MONTEVIDEO –Les banques centrales continuent à se tourmenter au sujet de l'effervescence qui règne sur le marché des actifs - et ce à juste titre si l'on considère la crise financière de 2008-2009. S'étant déjà brûlé les ailes, elles redoublent maintenant d'attention. Et le récent plongeon de la Bourse chinoise n'a sûrement pas apaisé leurs craintes.

Le cours des titres est extraordinairement élevé dans le contexte d'une croissance économique atone. Le prix des obligations a augmenté du fait des mesures de relâchement monétaires décidées par la Banque du Japon, la Réserve fédérale américaine (Fed) et la Banque centrale européenne. De Londres à San Francisco, les prix de l'immobilier ont crevé le plafond. Les banques centrales doivent-elles intervenir, et si oui, comment doivent-elles le faire pour réduire le risque d'un effondrement du prix des actifs ?

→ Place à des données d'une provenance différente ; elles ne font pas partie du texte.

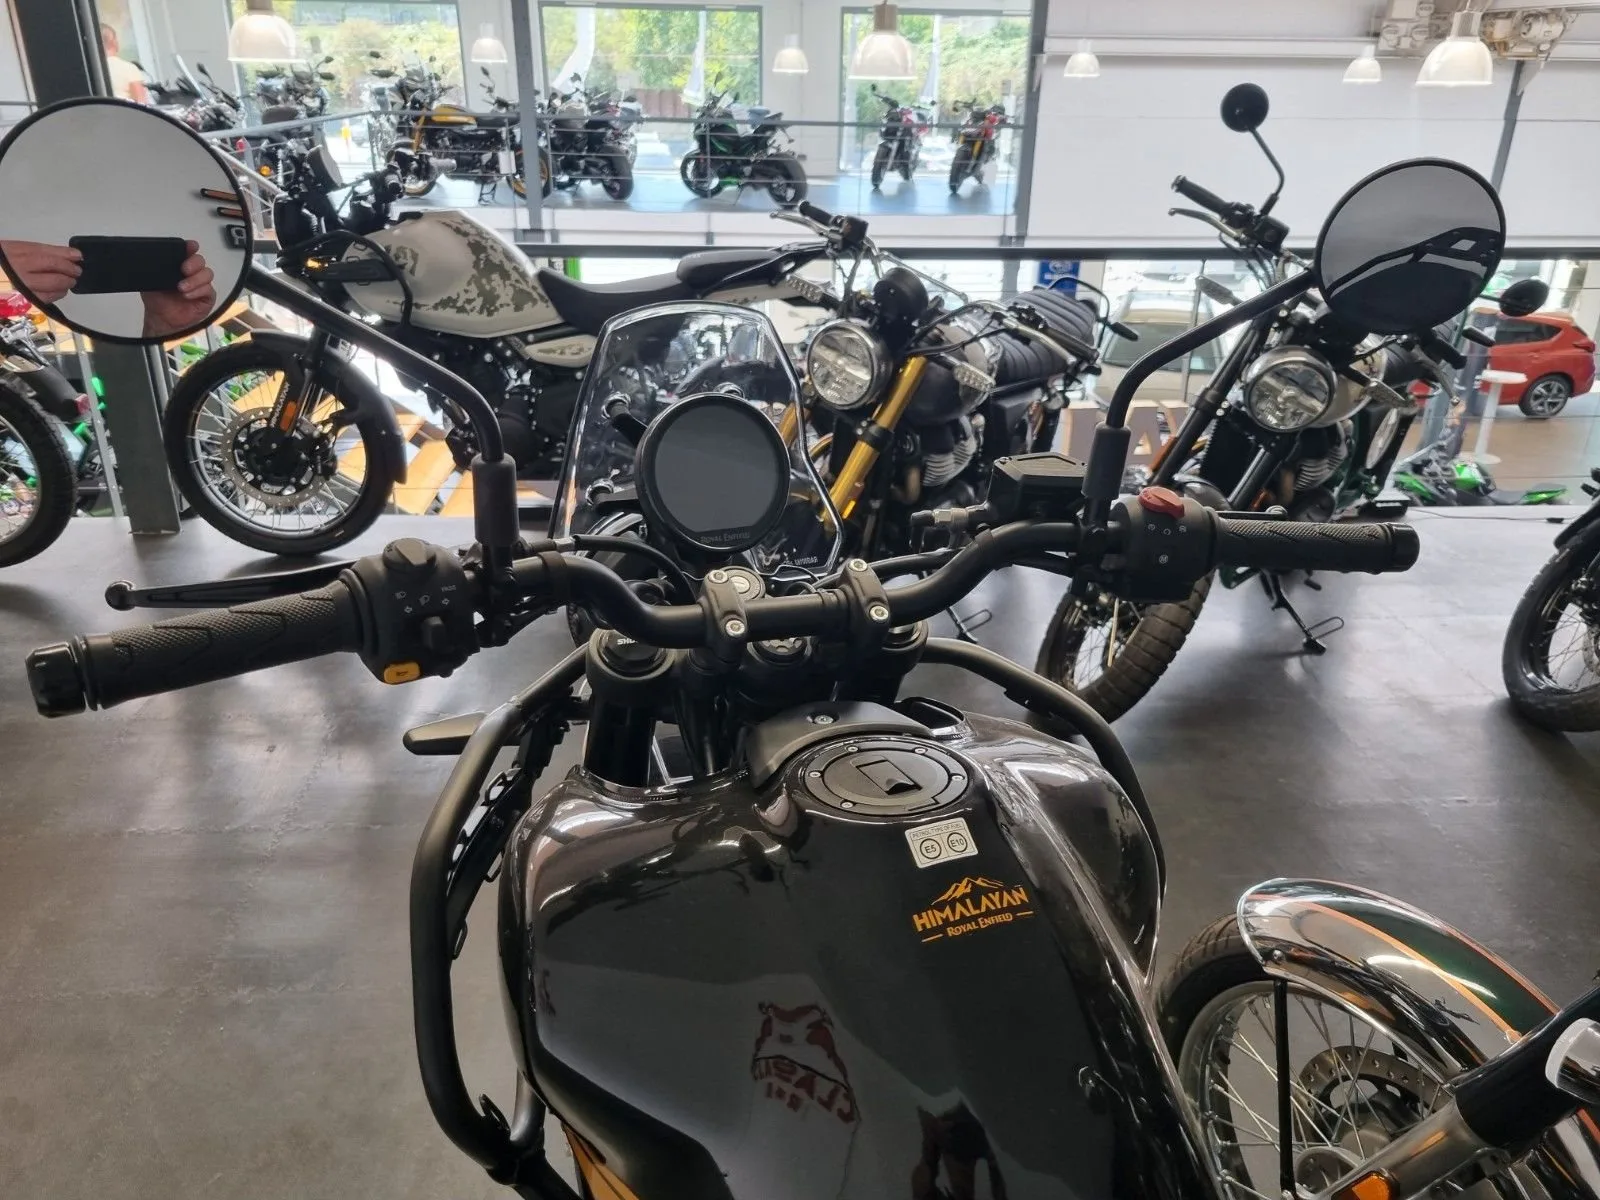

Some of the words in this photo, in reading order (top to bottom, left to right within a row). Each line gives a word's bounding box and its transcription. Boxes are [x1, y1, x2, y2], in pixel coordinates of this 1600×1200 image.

[924, 845, 937, 854] E5
[950, 838, 965, 848] E10
[912, 887, 1029, 932] HIMALAYAN
[946, 921, 979, 937] ROYAL
[978, 912, 1013, 929] ENFIELD

Depuis des années cette question se formule de manière binaire : les banques centrales doivent-elles pousser le prix des actifs à la baisse pour éviter la formation d'une bulle qui menace la stabilité financière, ou se contenter d'intervenir après qu'elle ait éclaté ? Les partisans de la dernière solution (par exemple Alan Greenspan, l'ancien président de la Réserve fédérale) pensent que les responsables politiques ne peuvent pas identifier les bulles et que le plus souvent ils sont mal à l'aise pour gérer le prix des actifs.

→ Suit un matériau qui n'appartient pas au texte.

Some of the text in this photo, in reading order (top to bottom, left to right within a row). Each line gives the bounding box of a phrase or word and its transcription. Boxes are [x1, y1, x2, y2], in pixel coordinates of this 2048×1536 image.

Les banques centrales ne peuvent identifier avec certitude le moment où le cours des actifs atteint un niveau insoutenable. Mais elles ne peuvent non plus identifier avec certitude le moment où l'inflation est sur le point de décoller. La politique monétaire n'est pas une science, c'est l'art de sentir les choses. Et comme la crise de 2008-2009 l'a montré, intervenir seulement après que la bulle ait éclaté est très coûteux et inefficace.